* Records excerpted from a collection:
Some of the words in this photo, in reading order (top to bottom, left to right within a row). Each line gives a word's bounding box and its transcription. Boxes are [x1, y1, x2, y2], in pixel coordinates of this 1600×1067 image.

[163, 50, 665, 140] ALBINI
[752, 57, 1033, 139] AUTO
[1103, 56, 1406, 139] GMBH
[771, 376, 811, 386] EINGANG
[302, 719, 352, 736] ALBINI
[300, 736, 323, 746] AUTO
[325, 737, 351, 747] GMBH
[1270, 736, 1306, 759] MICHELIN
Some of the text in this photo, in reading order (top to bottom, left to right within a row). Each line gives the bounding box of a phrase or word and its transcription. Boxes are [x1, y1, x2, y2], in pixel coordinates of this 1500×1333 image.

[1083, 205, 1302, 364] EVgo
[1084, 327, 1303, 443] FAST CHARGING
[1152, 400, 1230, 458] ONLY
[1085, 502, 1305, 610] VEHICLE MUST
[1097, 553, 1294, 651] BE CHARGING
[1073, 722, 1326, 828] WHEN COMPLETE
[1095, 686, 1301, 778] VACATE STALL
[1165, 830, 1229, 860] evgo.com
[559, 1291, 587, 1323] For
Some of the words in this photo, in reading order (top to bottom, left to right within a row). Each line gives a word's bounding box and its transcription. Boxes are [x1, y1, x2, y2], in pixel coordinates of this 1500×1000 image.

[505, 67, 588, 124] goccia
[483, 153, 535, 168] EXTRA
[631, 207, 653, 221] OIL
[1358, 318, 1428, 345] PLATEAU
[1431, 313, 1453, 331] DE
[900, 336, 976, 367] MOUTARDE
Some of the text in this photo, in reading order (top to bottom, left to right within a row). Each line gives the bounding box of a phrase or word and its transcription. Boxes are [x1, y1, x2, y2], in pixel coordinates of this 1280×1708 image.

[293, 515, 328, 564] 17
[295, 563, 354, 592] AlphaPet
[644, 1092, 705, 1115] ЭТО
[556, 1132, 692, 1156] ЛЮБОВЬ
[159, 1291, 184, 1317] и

* GOAL OF THE EXERCISE: Your answer should consist only of the lines from the one that holds "this 1500×1000 image." to the end of the entries above, both ends included, each repeated exactly.

* FINAL ANSWER:
Some of the words in this photo, in reading order (top to bottom, left to right within a row). Each line gives a word's bounding box and its transcription. Boxes are [x1, y1, x2, y2], in pixel coordinates of this 1500×1000 image.

[505, 67, 588, 124] goccia
[483, 153, 535, 168] EXTRA
[631, 207, 653, 221] OIL
[1358, 318, 1428, 345] PLATEAU
[1431, 313, 1453, 331] DE
[900, 336, 976, 367] MOUTARDE
Some of the text in this photo, in reading order (top to bottom, left to right within a row). Each line gives the bounding box of a phrase or word and its transcription. Boxes are [x1, y1, x2, y2], in pixel coordinates of this 1280×1708 image.

[293, 515, 328, 564] 17
[295, 563, 354, 592] AlphaPet
[644, 1092, 705, 1115] ЭТО
[556, 1132, 692, 1156] ЛЮБОВЬ
[159, 1291, 184, 1317] и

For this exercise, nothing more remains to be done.